Poco después, Carmen se fue a la cama. Gonzalo se acurrucó en el sofá y repasó los acontecimientos del día. Se sentía extrañamente distanciado de todo, no con el aturdimiento de la pena ya familiar por Viviana, sino con una calma casi propia de un sueño. Receloso de su generosidad, se adentró con cautela en el mar de los recuerdos. Las heladas y turbulentas olas no lo derribaron. Lo mejor del pasado se remansaba con suavidad a su alrededor, como las ondas en un lago: el parque los domingos de verano; su primera paga; la sala de lectura en la sede del sindicato, donde había descubierto a Marx, Dickens, Freud y Galdós, a quien amaba en secreto por encima de los demás; las noches en la plaza, cuando Pedro y él coqueteaban con las muchachas que paseaban; la noche en que advirtió que Pedro ya no coqueteaba y la tarde en que su mejor amigo acudió a él y anunció: «Carmen y yo queríamos que supieras… va en serio… ¿no te importa?», y a él no se le ocurrió poner pegas, porque no le preocupaba el honor de su hermana, sino sólo (un poco) su felicidad.

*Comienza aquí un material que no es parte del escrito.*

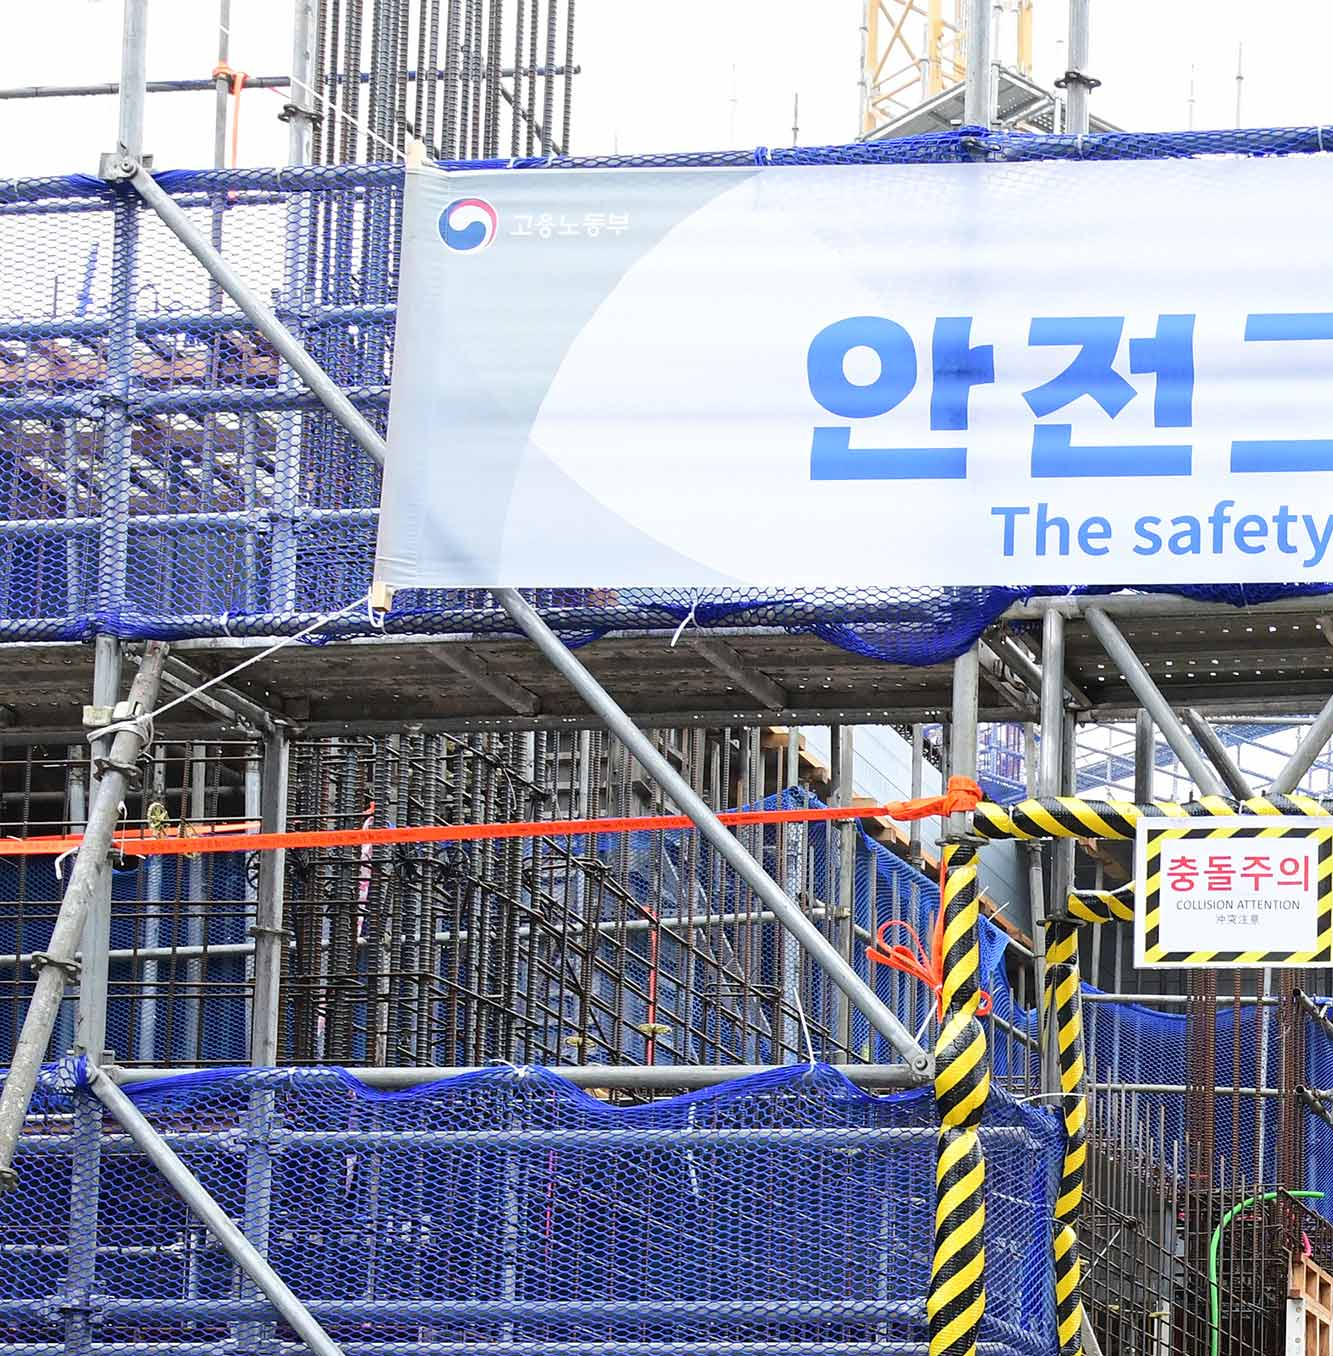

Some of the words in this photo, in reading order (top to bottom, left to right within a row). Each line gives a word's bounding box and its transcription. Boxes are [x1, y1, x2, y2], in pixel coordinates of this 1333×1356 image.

Gonzalo tomó aire y se sumergió en recuerdos más recientes. También carecían de acritud: la forma en que repicaron las campanas el día de la proclamación de la Segunda República, cuando parecía que las flores de abril iban a durar para siempre. El nacimiento de Aleja, las manifestaciones del primero de mayo, y un millar de puños levantados. Los tensos primeros días de las milicias y la extrañeza al descubrir que las mujeres se entrenaban junto a él. La sorpresa de conocer a una de ellas, que siempre había sido la más dura y más hermosa del grupo. «¿Por qué deberías pagarme el billete de tranvía, Gonzalo? Somos camaradas. Iguales». Y él se vio obligado a reconocer la verdad: «Porque te quiero». Con toda la lógica, los recuerdos de Viviana, los del combate en el frente, los de las lentas y amargas pérdidas deberían haberle dolido. Pero Gonzalo se demoró en los momentos de calma: en las canciones incomprensibles y los gritos de batalla que le habían enseñado los voluntarios extranjeros; en las clases de lengua improvisadas (frecuentemente dedicadas a enseñar tacos) que impartían a los voluntarios; en los días en que Viviana y él planeaban futuros imposibles; en los chistes de los que tanto se reían los milicianos, no porque fueran especialmente graciosos, sino por la simple alegría de seguir vivos. Buenos recuerdos, pensó Gonzalo. Una buena vida. No puedo quejarme.

A pesar de que parecía haber transcurrido bastante tiempo, Gonzalo seguía sin tener sueño, aunque no había modo de saber la hora. Las campanas de la iglesia no sonaban: era Viernes Santo. No sonarían de nuevo hasta el Domingo de Resurrección. La ciudad estaba a oscuras y silenciosa, con la quietud que sólo se producía en las horas previas al amanecer. Al cabo de un rato se levantó y se acercó en silencio a la ventana. Las habituales cortinas negras y harapientas la cubrían. Apartó una de ellas y se asomó. Distinguió el contorno del edificio de enfrente, con todas las luces apagadas. El cielo estaba veteado de nubes, y la luna flotaba como una farola gigantesca, pálida y llena, por encima de las casas. Apagaba las estrellas a su alrededor como en efecto habrían hecho las farolas de verdad. Gonzalo contempló el cielo durante un rato. Nunca le había gustado demasiado observar el firmamento nocturno. Vivía en la ciudad y prefería contemplar las calles iluminadas. No obstante, cuando estuvo en el frente aprendió a agradecer la luz de la luna y las estrellas. En el frente, la luna era su camarada. Se alegró de tener la oportunidad de despedirse de ella.